Return the data exactly, but only from the line containing "this 1500×1000 image." through its last line.
═══ ENTRIES PROVIDED
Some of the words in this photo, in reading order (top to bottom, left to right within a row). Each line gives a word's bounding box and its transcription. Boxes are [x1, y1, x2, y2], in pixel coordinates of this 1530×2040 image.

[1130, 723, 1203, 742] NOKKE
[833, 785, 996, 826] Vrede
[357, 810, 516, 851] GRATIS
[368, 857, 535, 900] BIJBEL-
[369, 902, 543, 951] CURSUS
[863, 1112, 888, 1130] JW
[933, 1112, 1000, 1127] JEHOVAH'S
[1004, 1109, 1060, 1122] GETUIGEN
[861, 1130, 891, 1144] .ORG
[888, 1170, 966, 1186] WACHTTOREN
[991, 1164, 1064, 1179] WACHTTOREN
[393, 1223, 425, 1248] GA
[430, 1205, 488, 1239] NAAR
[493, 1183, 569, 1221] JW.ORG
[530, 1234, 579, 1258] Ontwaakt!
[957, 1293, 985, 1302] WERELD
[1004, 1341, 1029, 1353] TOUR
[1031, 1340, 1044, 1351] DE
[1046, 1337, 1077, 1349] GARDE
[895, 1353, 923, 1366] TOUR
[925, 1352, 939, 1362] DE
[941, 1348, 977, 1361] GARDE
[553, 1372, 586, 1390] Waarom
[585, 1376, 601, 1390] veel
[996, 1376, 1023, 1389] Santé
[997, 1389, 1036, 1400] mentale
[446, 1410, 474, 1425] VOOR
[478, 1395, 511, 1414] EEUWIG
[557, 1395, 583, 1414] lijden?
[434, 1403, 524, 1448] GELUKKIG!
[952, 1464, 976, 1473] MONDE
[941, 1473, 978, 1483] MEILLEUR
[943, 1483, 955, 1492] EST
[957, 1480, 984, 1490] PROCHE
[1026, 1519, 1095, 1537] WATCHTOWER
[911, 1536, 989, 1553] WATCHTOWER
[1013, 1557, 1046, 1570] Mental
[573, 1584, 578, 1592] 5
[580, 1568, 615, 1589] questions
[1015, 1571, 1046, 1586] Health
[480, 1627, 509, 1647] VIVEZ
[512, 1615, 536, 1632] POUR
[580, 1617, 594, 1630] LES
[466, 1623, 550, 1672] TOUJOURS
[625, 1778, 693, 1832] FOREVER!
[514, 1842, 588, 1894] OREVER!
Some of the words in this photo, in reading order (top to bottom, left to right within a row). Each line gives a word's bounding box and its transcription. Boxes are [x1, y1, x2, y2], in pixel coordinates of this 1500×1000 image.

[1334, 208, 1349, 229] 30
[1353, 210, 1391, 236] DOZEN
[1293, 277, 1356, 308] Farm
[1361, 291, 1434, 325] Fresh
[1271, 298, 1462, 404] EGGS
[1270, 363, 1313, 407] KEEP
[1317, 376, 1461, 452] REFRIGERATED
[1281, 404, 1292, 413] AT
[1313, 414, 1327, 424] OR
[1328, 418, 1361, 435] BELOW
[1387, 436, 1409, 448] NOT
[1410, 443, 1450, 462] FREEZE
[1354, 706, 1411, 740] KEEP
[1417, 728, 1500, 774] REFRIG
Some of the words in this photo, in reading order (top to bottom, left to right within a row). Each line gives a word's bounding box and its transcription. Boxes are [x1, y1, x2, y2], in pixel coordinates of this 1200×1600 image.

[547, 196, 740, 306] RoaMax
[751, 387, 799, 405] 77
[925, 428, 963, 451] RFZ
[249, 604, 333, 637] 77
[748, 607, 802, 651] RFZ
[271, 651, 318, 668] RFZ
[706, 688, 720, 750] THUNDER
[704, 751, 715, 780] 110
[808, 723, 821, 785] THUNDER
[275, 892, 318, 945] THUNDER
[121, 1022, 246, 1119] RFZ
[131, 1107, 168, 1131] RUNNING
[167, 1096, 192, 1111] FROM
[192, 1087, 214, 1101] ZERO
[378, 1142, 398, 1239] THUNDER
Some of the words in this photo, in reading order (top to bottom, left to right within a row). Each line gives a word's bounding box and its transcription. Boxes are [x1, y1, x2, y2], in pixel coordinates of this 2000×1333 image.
══════
OUTPUT FOR THIS TASK
Some of the words in this photo, in reading order (top to bottom, left to right within a row). Each line gives a word's bounding box and its transcription. Boxes are [x1, y1, x2, y2], in pixel coordinates of this 1500×1000 image.

[1334, 208, 1349, 229] 30
[1353, 210, 1391, 236] DOZEN
[1293, 277, 1356, 308] Farm
[1361, 291, 1434, 325] Fresh
[1271, 298, 1462, 404] EGGS
[1270, 363, 1313, 407] KEEP
[1317, 376, 1461, 452] REFRIGERATED
[1281, 404, 1292, 413] AT
[1313, 414, 1327, 424] OR
[1328, 418, 1361, 435] BELOW
[1387, 436, 1409, 448] NOT
[1410, 443, 1450, 462] FREEZE
[1354, 706, 1411, 740] KEEP
[1417, 728, 1500, 774] REFRIG
Some of the words in this photo, in reading order (top to bottom, left to right within a row). Each line gives a word's bounding box and its transcription. Boxes are [x1, y1, x2, y2], in pixel coordinates of this 1200×1600 image.

[547, 196, 740, 306] RoaMax
[751, 387, 799, 405] 77
[925, 428, 963, 451] RFZ
[249, 604, 333, 637] 77
[748, 607, 802, 651] RFZ
[271, 651, 318, 668] RFZ
[706, 688, 720, 750] THUNDER
[704, 751, 715, 780] 110
[808, 723, 821, 785] THUNDER
[275, 892, 318, 945] THUNDER
[121, 1022, 246, 1119] RFZ
[131, 1107, 168, 1131] RUNNING
[167, 1096, 192, 1111] FROM
[192, 1087, 214, 1101] ZERO
[378, 1142, 398, 1239] THUNDER
Some of the words in this photo, in reading order (top to bottom, left to right within a row). Each line gives a word's bounding box and its transcription. Boxes are [x1, y1, x2, y2], in pixel coordinates of this 2000×1333 image.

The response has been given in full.